> Provided information
•••••

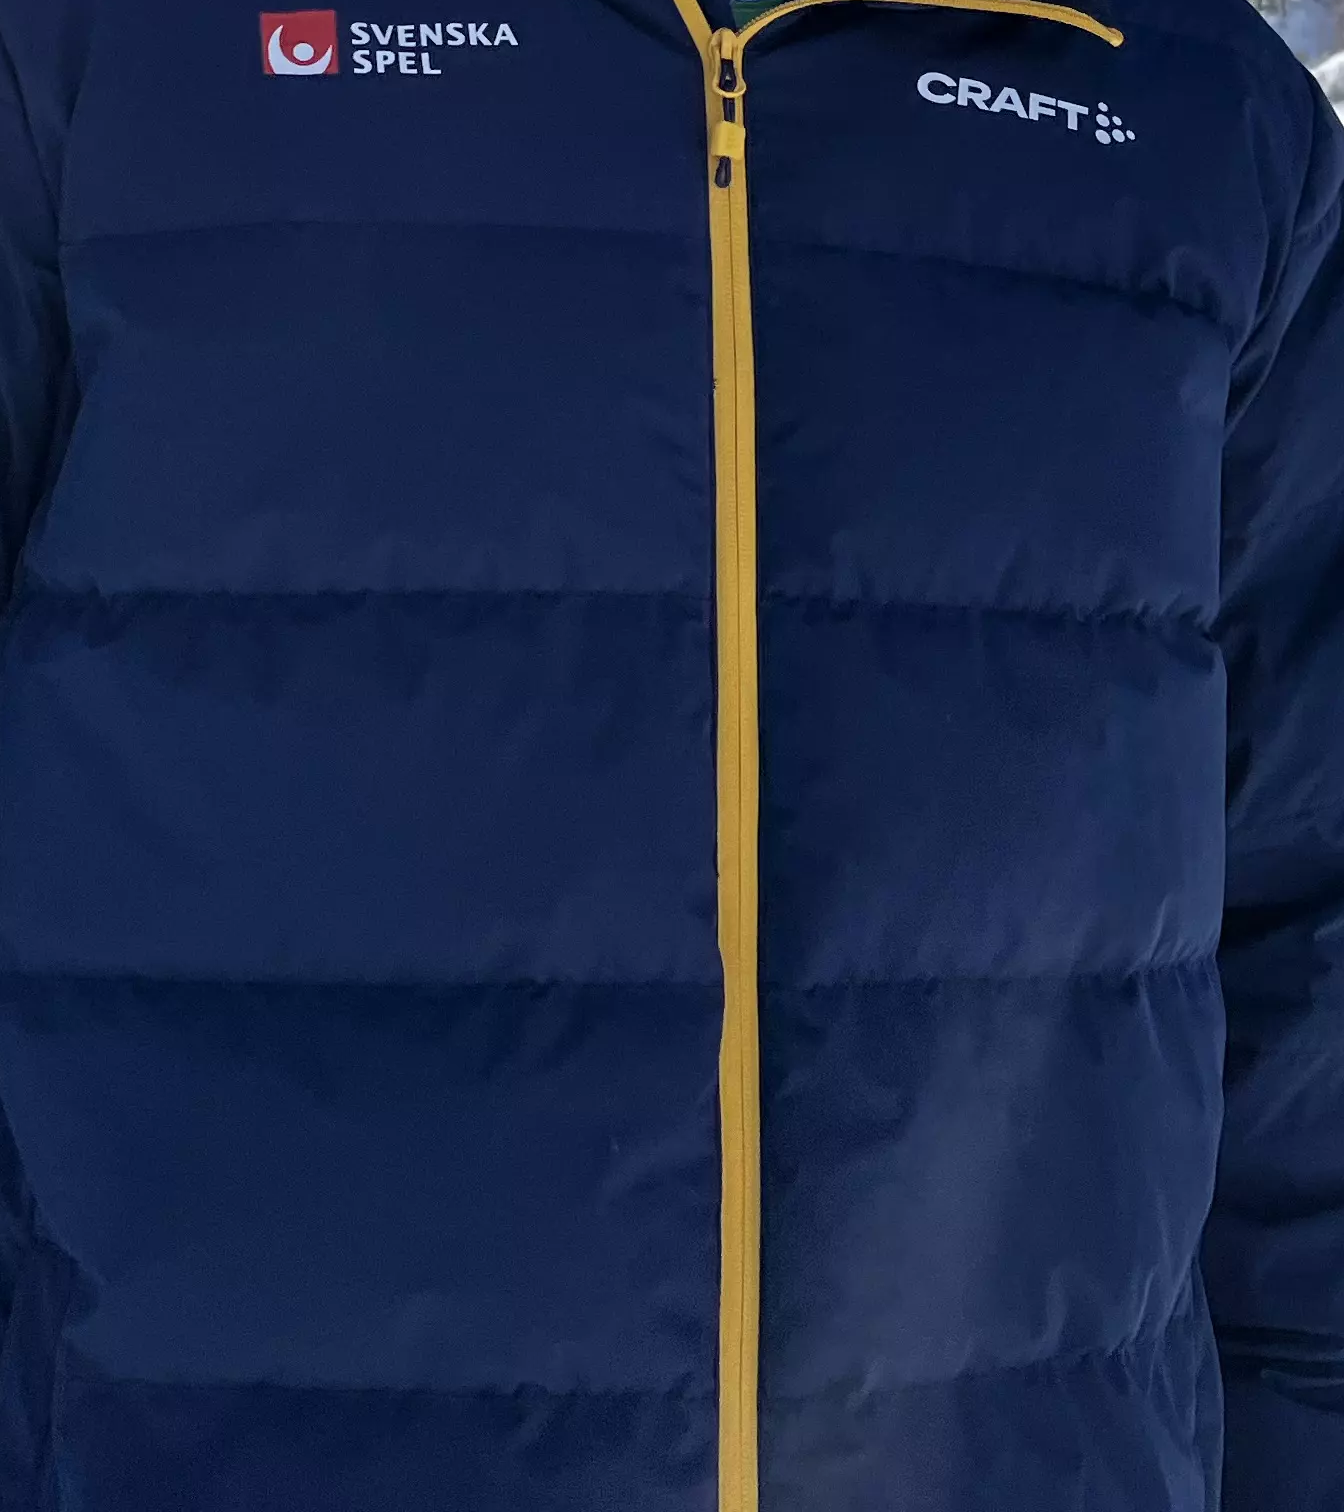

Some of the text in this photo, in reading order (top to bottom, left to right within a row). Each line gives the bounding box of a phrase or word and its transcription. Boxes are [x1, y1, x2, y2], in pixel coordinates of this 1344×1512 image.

[350, 21, 519, 47] SVENSKA
[352, 50, 442, 75] SPEL
[916, 71, 1089, 131] CRAFT
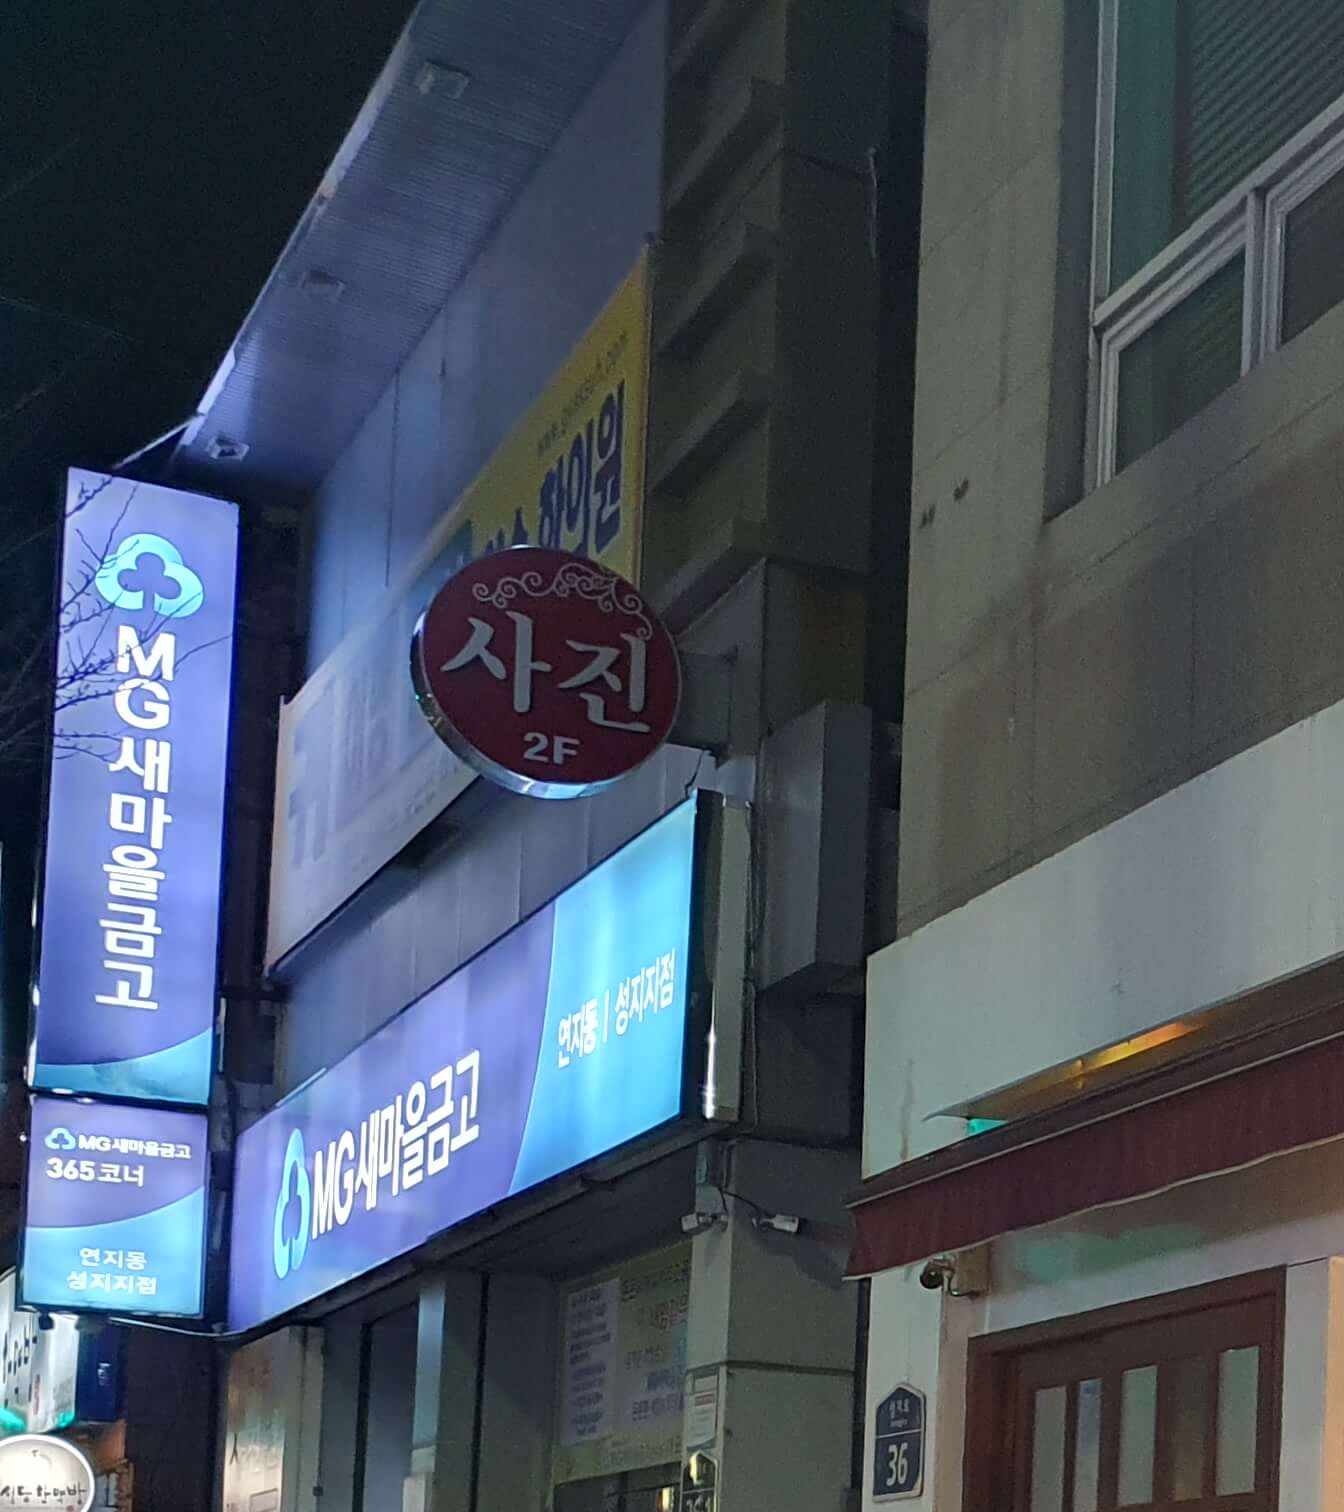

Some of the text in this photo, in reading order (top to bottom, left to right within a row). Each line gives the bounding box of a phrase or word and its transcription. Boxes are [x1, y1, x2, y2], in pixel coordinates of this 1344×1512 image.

[440, 611, 651, 733] 사진
[523, 732, 581, 765] 2F
[95, 624, 176, 1010] MG새마을금고
[558, 947, 677, 1069] 연지동 성지지점
[78, 1134, 192, 1159] MG새마을금고
[311, 1050, 480, 1241] MG새마을금고
[79, 1247, 147, 1270] 연지동
[66, 1271, 158, 1295] 성지지점
[886, 1442, 909, 1487] 36
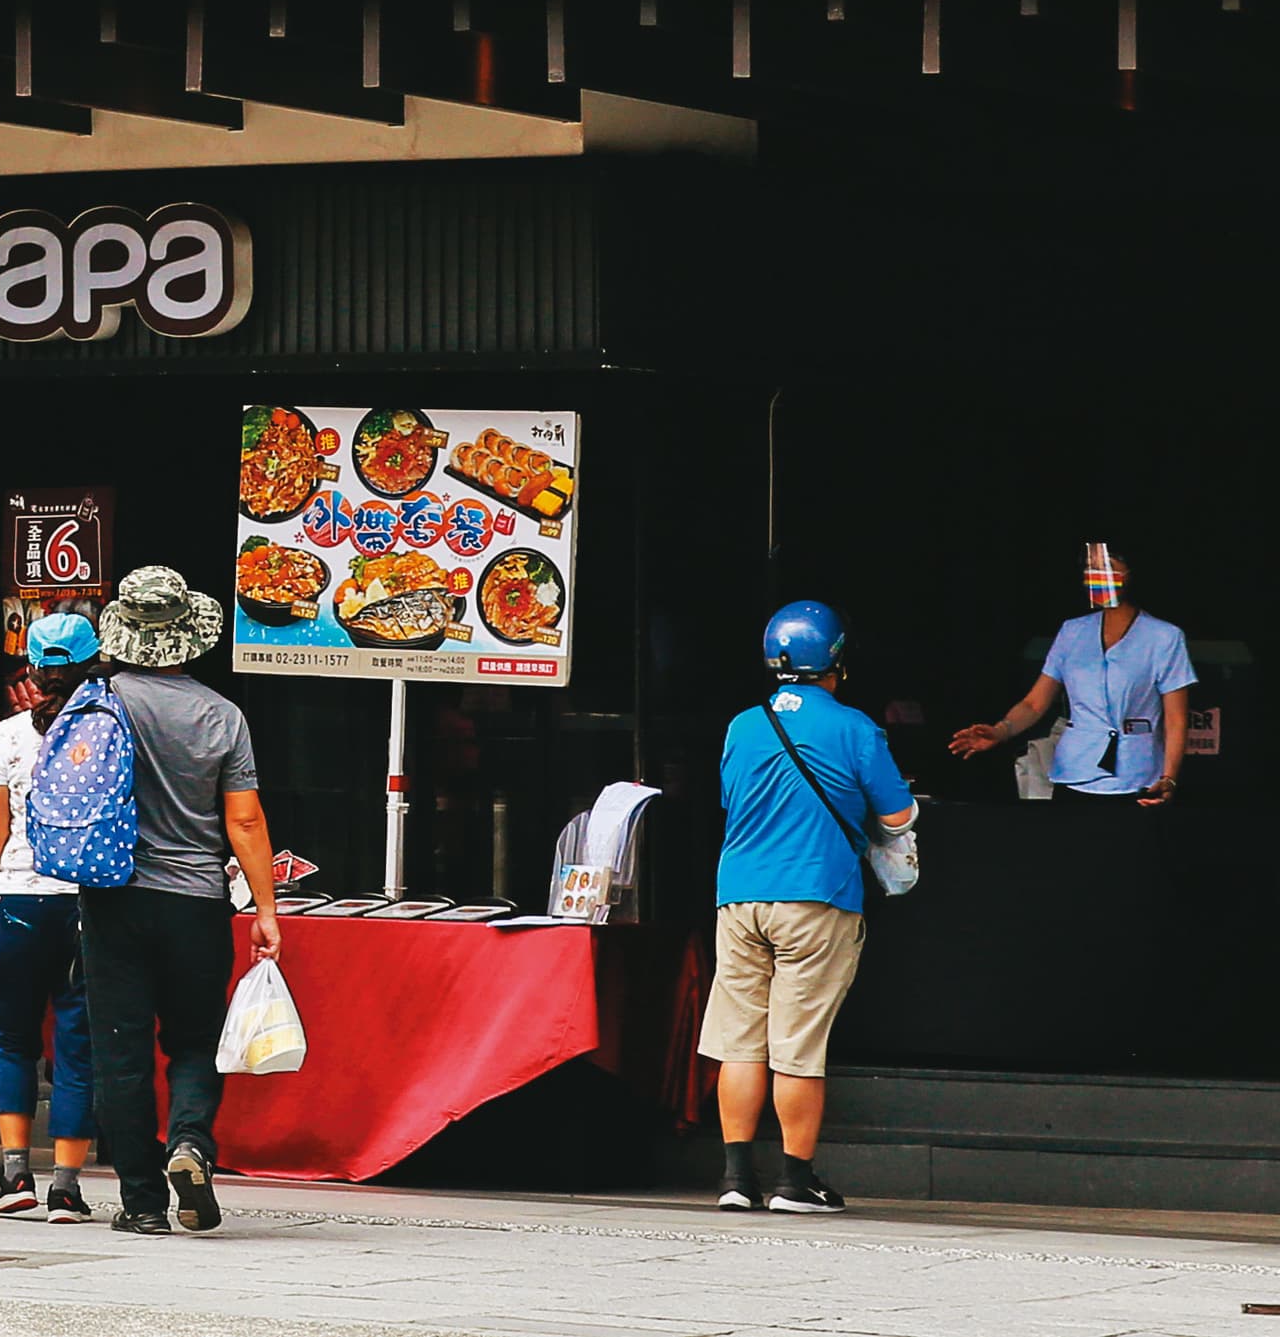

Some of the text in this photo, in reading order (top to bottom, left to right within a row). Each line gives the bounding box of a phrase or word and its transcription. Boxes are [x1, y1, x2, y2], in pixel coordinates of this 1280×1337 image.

[320, 432, 337, 451] 推
[27, 525, 42, 578] 全品項
[453, 572, 470, 590] 推
[275, 652, 349, 666] 02-2311-1577

•••••

> Exercise instructions
Now write out the data word for word, skipping every picture in it.

> Expected output
Some of the text in this photo, in reading order (top to bottom, left to right within a row). Each line gives the bounding box of a phrase or word and its transcription. Boxes are [x1, y1, x2, y2], in pixel coordinates of this 1344×1512 image.

[350, 21, 519, 47] SVENSKA
[352, 50, 442, 75] SPEL
[916, 71, 1089, 131] CRAFT

Some of the text in this photo, in reading order (top to bottom, left to right within a row). Each line gives the bounding box of a phrase or word and its transcription. Boxes are [x1, y1, x2, y2], in pixel coordinates of this 1344×1512 image.

[440, 611, 651, 733] 사진
[523, 732, 581, 765] 2F
[95, 624, 176, 1010] MG새마을금고
[558, 947, 677, 1069] 연지동 성지지점
[78, 1134, 192, 1159] MG새마을금고
[311, 1050, 480, 1241] MG새마을금고
[79, 1247, 147, 1270] 연지동
[66, 1271, 158, 1295] 성지지점
[886, 1442, 909, 1487] 36

Some of the text in this photo, in reading order (top to bottom, left to right within a row). Each line gives the bounding box of a phrase or word and its transcription. Boxes are [x1, y1, x2, y2], in pixel coordinates of this 1280×1337 image.

[320, 432, 337, 451] 推
[27, 525, 42, 578] 全品項
[453, 572, 470, 590] 推
[275, 652, 349, 666] 02-2311-1577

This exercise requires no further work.